Exercise instructions — Could you output each line below precisely as it stands, without the images?

Data records —
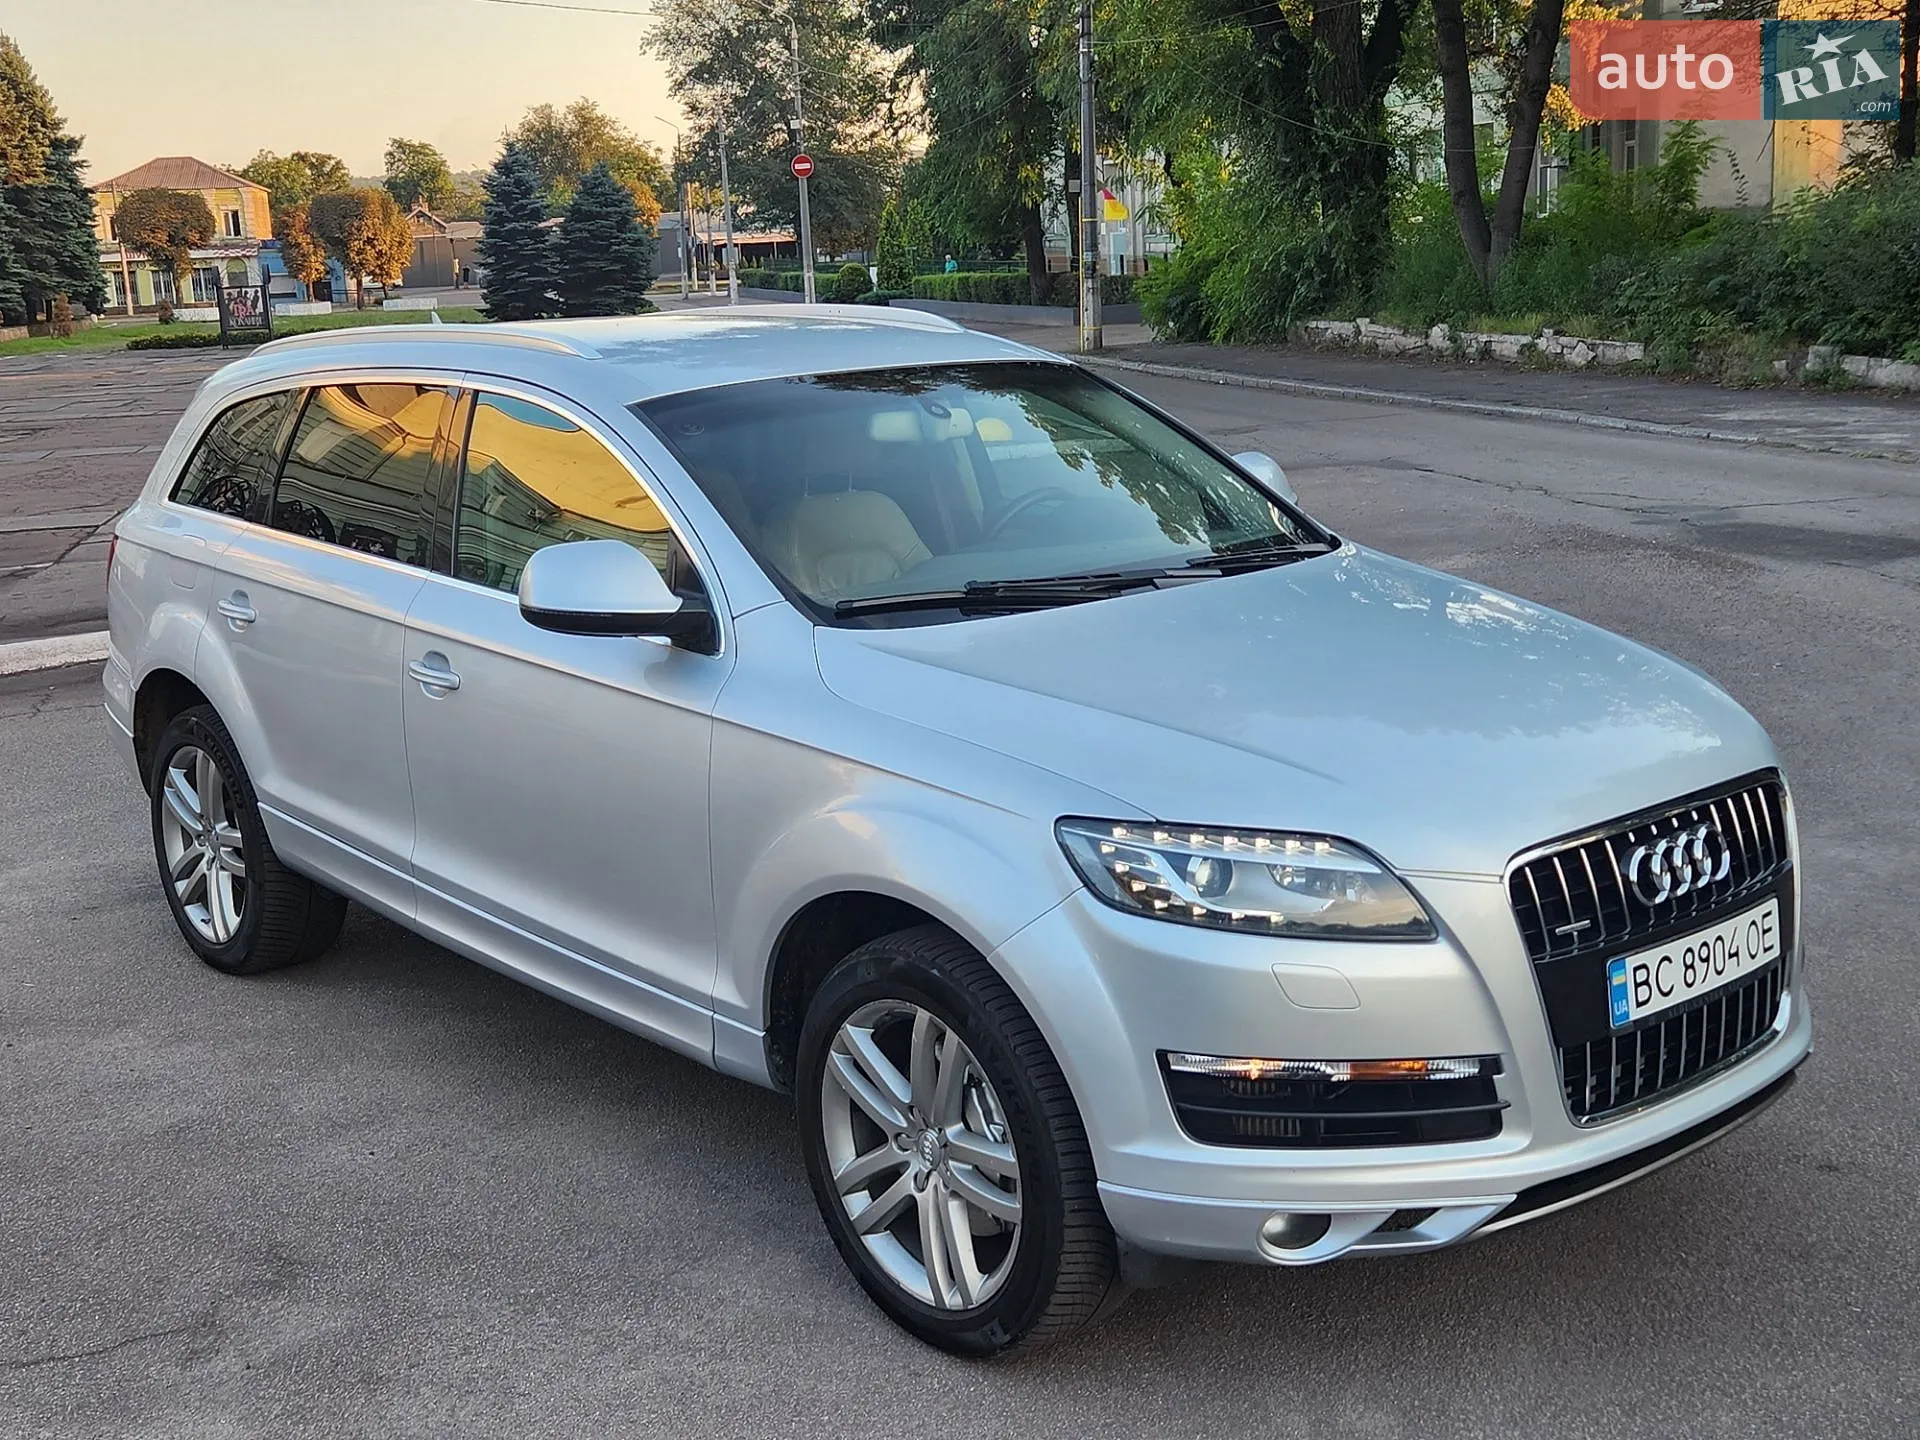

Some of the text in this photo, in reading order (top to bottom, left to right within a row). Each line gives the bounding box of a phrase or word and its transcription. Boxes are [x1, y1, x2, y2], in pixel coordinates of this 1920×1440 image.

[1632, 955, 1675, 1009] BC
[1682, 926, 1740, 989] 8904
[1747, 910, 1775, 960] OE
[1613, 1001, 1628, 1016] UA

Solved exercise —
Some of the text in this photo, in reading order (top to bottom, left to right within a row). Each line gives the bounding box of a phrase or word and its transcription. Boxes are [x1, y1, x2, y2], in pixel coordinates of this 1920×1440 image.

[1632, 955, 1675, 1009] BC
[1682, 926, 1740, 989] 8904
[1747, 910, 1775, 960] OE
[1613, 1001, 1628, 1016] UA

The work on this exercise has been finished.